I have been removing or threaten to remove people from my coaching programs, left and right, for inactivity. If they don’t have at least one written coaching conversation with me a week, they are put on the “to be removed” list. Why? Because if they are not doing the work they shouldn’t be in the program. My integrity depends on their integrity… Them running a weakness racket makes ME a racketeer.
If they are not coming for the coaching… then I have a good idea how their life looks… because…
How you do anything is how you do everything.
This was probably one of the most shocking things I learned in self-development, right up there with “you think you see everything, but you only see what you have already seen”.
Both insights were upsetting, and started to break up the world-view, the mythical, magical world view, that “I can do anything I put my mind to.”
I realized that everything means, for me, maybe, 1% of all the things…
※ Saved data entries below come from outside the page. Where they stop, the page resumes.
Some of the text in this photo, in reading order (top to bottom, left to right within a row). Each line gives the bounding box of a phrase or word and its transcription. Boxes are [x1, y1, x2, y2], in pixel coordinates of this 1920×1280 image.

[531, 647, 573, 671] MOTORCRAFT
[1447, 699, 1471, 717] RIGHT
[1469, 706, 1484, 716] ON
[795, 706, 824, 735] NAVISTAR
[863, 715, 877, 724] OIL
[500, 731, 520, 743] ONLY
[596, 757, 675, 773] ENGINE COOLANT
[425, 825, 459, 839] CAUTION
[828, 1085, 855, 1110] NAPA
Some of us seem to have no ability to sustain any activity without an outside have to, need to, or want to.
I, for example, cannot be trusted as far as eating goes. There seems to be no correlation between my conscious decisions, my word and my behavior. I may be able to sustain a desirable behavior for a day, a week, a few weeks… but often I notice no connection between my word and my behavior.
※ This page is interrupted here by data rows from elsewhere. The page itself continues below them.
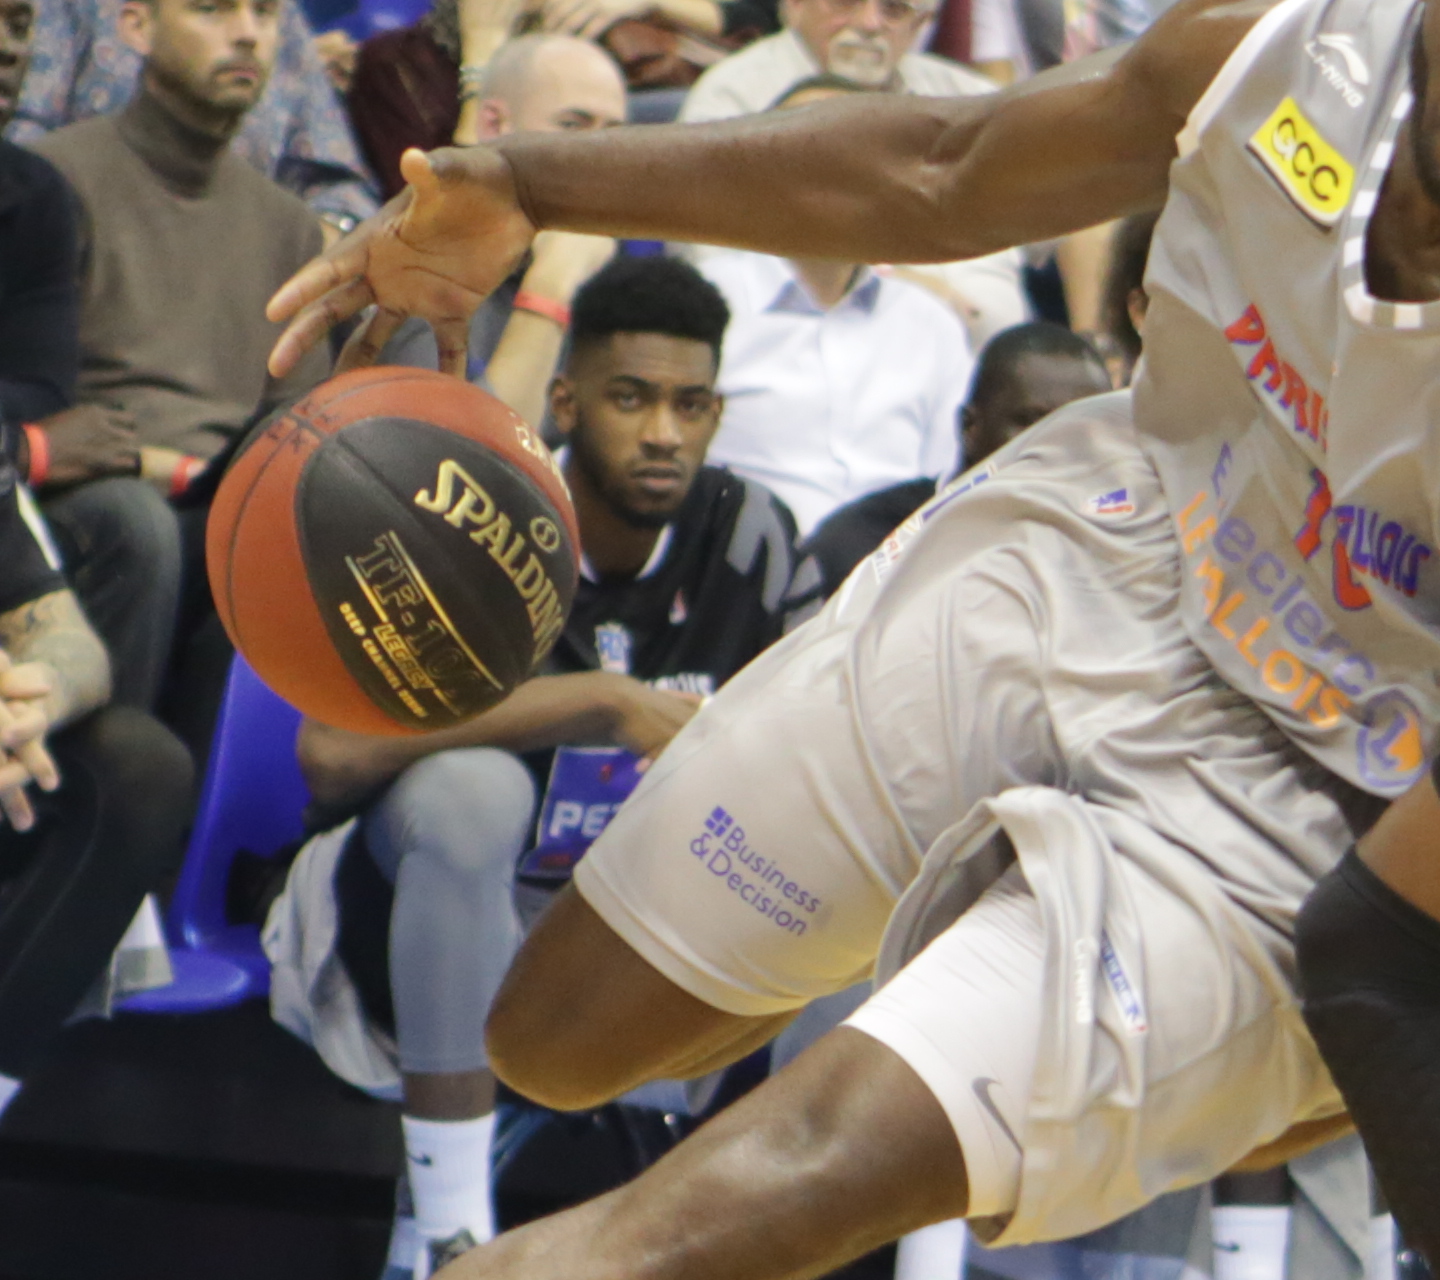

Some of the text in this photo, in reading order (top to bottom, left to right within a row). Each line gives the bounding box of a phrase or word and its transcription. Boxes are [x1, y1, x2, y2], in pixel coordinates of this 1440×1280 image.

[1304, 41, 1365, 109] LI-NING
[689, 832, 807, 937] & Decision
[724, 825, 822, 914] Business
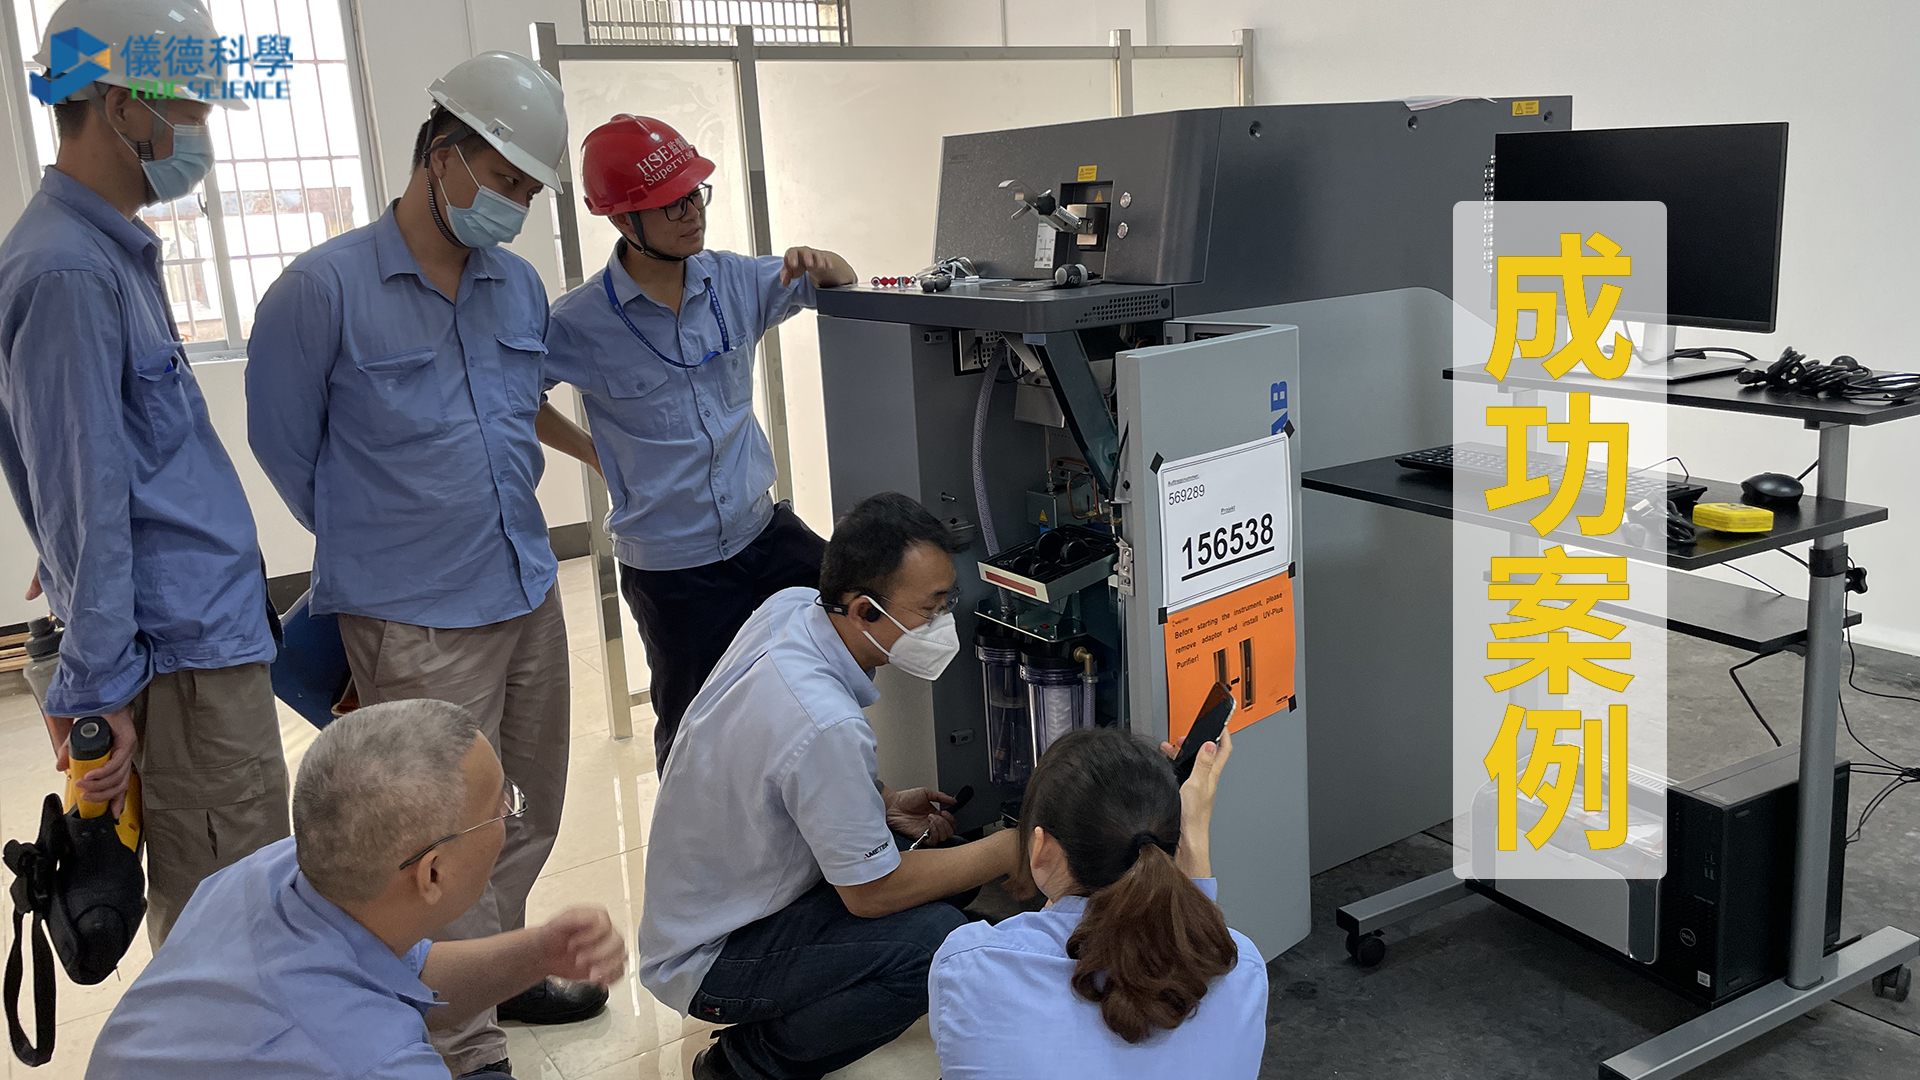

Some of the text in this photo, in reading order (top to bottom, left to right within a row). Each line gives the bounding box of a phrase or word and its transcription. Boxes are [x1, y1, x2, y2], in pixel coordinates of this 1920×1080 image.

[1168, 484, 1205, 505] 569289
[1181, 513, 1274, 570] 156538
[1174, 627, 1194, 640] Before
[1197, 617, 1218, 630] starting
[1221, 612, 1231, 621] the
[1265, 592, 1283, 604] please
[1175, 606, 1284, 655] remove adaptor and install UV-Plus
Others may have the same or a different area, where they cannot seem to sustain a behavior.
You signing up to programs that have homework, assignments, doing things on your own, seems to be an area where this disability is most noticeable to me.
The lack of capacity to keep your word causes you untold suffering, and often causes this weakness to grow.
“Imagination creates the dream. Mental toughness creates the money” says Steve Siebold…
Mental toughness is a capacity that allows winners to stay in the game, take the steps that make no sense in the moment, the steps that are hard, or draining, or time-consuming, or menial, or inglorious, or unsuccessful.
But even with mental toughness, if the “dream” only lives in your mind, it will also die in your mind…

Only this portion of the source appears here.